A wonderful story recently appeared in The Chicago Tribune about how to conduct the Jewish rituals for a tahara. Here’s the start of the story by Barbara Brotman, which ran in conjunction with a Chicago area convention of Chevra Kaddisha volunteers.
Tahara: Respect for the dead and comfort for the living
Traditional Jewish ritual of preparing a body for burial is making a comeback with liberal congregations
On the table lay a human form covered by a white sheet. A small group of people gathered around. Nisan Chavkin, steering committee chairman of the Progressive Chevra Kadisha, led them through the ritual.
First the body was to be washed, gently but thoroughly, with most of it kept draped for modesty.
Water was to be poured onto the body from three plastic buckets in a continuous stream: The first bucket poured over one side, moving from the head down to the feet; the second up the other side, the third down over the middle.

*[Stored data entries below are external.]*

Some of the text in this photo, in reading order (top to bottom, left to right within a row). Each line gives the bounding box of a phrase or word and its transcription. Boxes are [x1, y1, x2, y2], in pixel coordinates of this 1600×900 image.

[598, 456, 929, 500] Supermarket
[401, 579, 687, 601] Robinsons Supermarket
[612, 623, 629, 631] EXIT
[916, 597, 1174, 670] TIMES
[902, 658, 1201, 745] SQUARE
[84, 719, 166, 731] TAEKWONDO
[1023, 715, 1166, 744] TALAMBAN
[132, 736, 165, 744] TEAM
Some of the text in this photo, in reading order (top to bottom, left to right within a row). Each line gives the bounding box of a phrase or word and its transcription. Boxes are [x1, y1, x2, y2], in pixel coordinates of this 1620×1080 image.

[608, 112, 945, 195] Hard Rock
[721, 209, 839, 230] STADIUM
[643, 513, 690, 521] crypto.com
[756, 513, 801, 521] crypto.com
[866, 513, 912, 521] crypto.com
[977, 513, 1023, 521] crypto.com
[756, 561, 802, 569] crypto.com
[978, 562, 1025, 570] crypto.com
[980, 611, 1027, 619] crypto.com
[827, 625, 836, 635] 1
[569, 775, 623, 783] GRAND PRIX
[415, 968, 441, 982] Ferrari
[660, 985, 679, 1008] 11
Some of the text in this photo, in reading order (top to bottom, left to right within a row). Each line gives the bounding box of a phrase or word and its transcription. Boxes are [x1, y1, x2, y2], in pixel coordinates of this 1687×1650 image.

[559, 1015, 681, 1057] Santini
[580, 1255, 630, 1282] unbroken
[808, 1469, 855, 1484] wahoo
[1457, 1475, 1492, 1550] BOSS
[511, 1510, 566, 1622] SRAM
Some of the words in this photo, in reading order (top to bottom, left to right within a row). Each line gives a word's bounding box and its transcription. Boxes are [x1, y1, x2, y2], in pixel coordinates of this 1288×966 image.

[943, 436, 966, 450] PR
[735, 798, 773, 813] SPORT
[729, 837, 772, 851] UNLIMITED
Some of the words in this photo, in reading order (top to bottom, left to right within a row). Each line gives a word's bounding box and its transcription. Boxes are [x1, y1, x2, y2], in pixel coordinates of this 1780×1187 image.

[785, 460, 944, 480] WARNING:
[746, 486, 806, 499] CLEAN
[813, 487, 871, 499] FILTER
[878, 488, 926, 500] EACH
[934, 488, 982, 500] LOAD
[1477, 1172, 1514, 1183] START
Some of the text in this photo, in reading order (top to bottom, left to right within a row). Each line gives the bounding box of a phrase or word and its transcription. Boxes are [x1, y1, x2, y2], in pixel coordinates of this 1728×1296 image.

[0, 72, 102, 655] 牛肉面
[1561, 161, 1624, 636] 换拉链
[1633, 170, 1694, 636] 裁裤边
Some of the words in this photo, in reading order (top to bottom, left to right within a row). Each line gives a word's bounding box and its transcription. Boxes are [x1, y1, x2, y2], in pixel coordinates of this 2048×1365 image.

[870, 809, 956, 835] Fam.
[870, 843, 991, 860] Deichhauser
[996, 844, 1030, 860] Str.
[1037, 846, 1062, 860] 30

As they poured, the group would say, in Hebrew: “She is pure. She is pure. She is pure.”
When that was done, group members carefully pulled loose white pants and a tunic over the body and tied them with strips of cloth around the waist and ankles.
Now the body — actually a volunteer helping at a training demonstration — was ritually cleansed according to Jewish tradition. And now members of Congregation Or Chadash, the latestcongregation to join the Progressive Chevra Kadisha (PCK), were ready to perform the ritual of “tahara,” considered one of the most meaningful and selfless in Judaism.
The Jewish practice of washing and dressing a body for burial, a solid presence in traditional Jewish communities, is rarely practiced by liberal Jews. But in recent years, some of those communities have been reclaiming it.
The PCK was established by four Chicago-area congregations in 2005. Anshe Emet, a Conservative congregation on the North Side, and Congregation Hakafa, in Glenview, each started a chevra kadisha, or sacred society, three years ago.
“It’s an ancient custom that is coming back in non-Orthodox Jewish life,” Chavkin said.
The cleansing ritual will be the focus of a national meeting being held Sunday through Tuesday at the Doubletree Hotel & Conference Center Chicago North Shore in Skokie.
At the ninth annual Chevra Kadisha and Jewish Cemetery Conference, more than 100 registrants from across the U.S. and Canada will attend sessions that include a tahara demonstration and talks on emotional reactions, how to work with medical examiners and tahara for transgender people.
The ritual is performed by laypeople, men washing men, women washing women. PCK members take monthly turns on call, carrying a beeper. “It’s kind of like a volunteer fire department,” Chavkin said.